Signal does not enable sealed sender for all messages...only ones with your contacts. If you are speaking to someone for the first time, guess what is sent to the server? The metadata. On a USA server. Where all traffic is monitored by government third parties, no doubt. If the USA government wasn't doing that...I would lose faith in their capacity to do basically anything.

Might want to consider how this will be used for metadata mapping, I imagine it is quite effective. Sure, you are not getting a picture over time, but with active Signal users numbering only in the tens of millions, it is trivial to use such first time messages to paint a picture of point in time contact networks. Which has its uses, no doubt more profound than the non-tech people who take Signal at face value usually consider.

If sealed sender is enabled for everything, at this time I believe there are concerns it could present a censorship liability for the service. Which is why, at this time, it does not appear to be enabled by default for all messages on the default install. There is a catch 22 here that hasn't been solved, if i am mistaken i am happy to learn more about the system but this is what i read in the link you provided, a blog post that i am already familiar with.

the address book is distributed and user-owned.

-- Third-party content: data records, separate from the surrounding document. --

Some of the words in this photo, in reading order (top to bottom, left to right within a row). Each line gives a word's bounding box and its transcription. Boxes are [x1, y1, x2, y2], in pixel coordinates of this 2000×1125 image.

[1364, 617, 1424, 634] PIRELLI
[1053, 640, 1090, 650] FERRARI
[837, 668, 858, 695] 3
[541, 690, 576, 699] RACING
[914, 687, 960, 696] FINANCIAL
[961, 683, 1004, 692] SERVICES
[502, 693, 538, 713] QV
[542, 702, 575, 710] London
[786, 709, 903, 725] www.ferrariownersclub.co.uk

Is it, moxie? No, it is on a very compromised device, 95+% of the time people are not running the app on a virtual machine or using desktop only or whatever shitty hack their substandard software forces people to do if they want actual privacy with basic functionality. Relying on embedded OS contact lists, and phone numbers, and apple/google app an enormous problem. The service kicking the problem down the road, making people even more dependent on a deeply compromised structure, is the very problem I am trying to point out. But you are speaking as if this is a strength of the code. In any political context, this is a very misleading argument which leaves non-technical political users with a very inflated view of their security.

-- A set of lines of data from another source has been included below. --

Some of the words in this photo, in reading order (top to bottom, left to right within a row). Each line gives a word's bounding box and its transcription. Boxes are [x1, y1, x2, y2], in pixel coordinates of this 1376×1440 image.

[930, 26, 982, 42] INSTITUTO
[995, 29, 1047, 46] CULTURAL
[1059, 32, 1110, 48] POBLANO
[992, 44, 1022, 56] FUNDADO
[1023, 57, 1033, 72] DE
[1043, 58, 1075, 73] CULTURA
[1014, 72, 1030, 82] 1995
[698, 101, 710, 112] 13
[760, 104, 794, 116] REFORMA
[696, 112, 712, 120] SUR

Signal's threat model, like Tor's, does not account for USA government. This is the only point I am making, they would both admit as much to you. As far as the "big brother" link, I would refer you to the Apple-FBI drama over the San Berdanido (spelling?) attack, and Apple's presence in the snowden leaks as a collaborator of the NSA since 2012. These type of fake legal battles are conjured to keep people using certain, few platforms. Why? To concentrate all the users of interest into just a few platforms, making surveillance and contact analysis easier, by layering the systems one on top of another so you cannot escape without what most people would consider impractical and technically complicated shitty hacks.

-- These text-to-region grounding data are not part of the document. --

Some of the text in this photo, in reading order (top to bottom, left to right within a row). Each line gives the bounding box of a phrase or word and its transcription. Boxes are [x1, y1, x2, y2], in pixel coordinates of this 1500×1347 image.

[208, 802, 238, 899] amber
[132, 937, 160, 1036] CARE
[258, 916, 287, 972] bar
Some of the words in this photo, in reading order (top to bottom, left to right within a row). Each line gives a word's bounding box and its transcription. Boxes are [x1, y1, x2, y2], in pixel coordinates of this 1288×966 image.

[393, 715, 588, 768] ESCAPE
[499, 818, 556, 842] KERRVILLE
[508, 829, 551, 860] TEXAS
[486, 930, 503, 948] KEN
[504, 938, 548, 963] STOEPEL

But instead of owning up to this, or making the system easier to use safely, they spend time making sticker packs to encourage more snapchat and Tik Tok users to switch. And desktop still cannot make or receive calls, video or voice, after years. I guess they really want you chained to your smartphone, how considerate of them right?


stoned_chief wrote

Why do you think the US Military bankrolls this project?

Because they need to use Tor themselves. These technologies aren't made to just benefit the people, they also benefit the government agencies/organizations who fund them. Tor wouldn't work if it was only used by military/intelligence. They needed to open it up to the public.

Is Tor perfect? Fuck no.

Is Signal perfect? No, it actually kind of sucks.

Does that mean they are completely backdoored and purely made for surveillance? No... Well, at least Tor isn't. Signal can be sort of sketchy because of how centralized it is, but they also allow you to verify your contact's keys as well so worst-case scenario you just have to verify that they are providing the correct crypto keys.

We 100% need to rebuild technology from the ground up. Networks/the internet, hardware, firmware, software, it's all backdoored. But that doesn't mean we should completely disregard these band-aid solutions for the time being. Instead of attacking these projects, I think our time would be MUCH better spent on getting the word out about how everything is backdoored and why we need to rebuild everything from scratch, because until then, we will never defeat state/corporate surveillance, we can only fight a constant battle of trying to minimize it.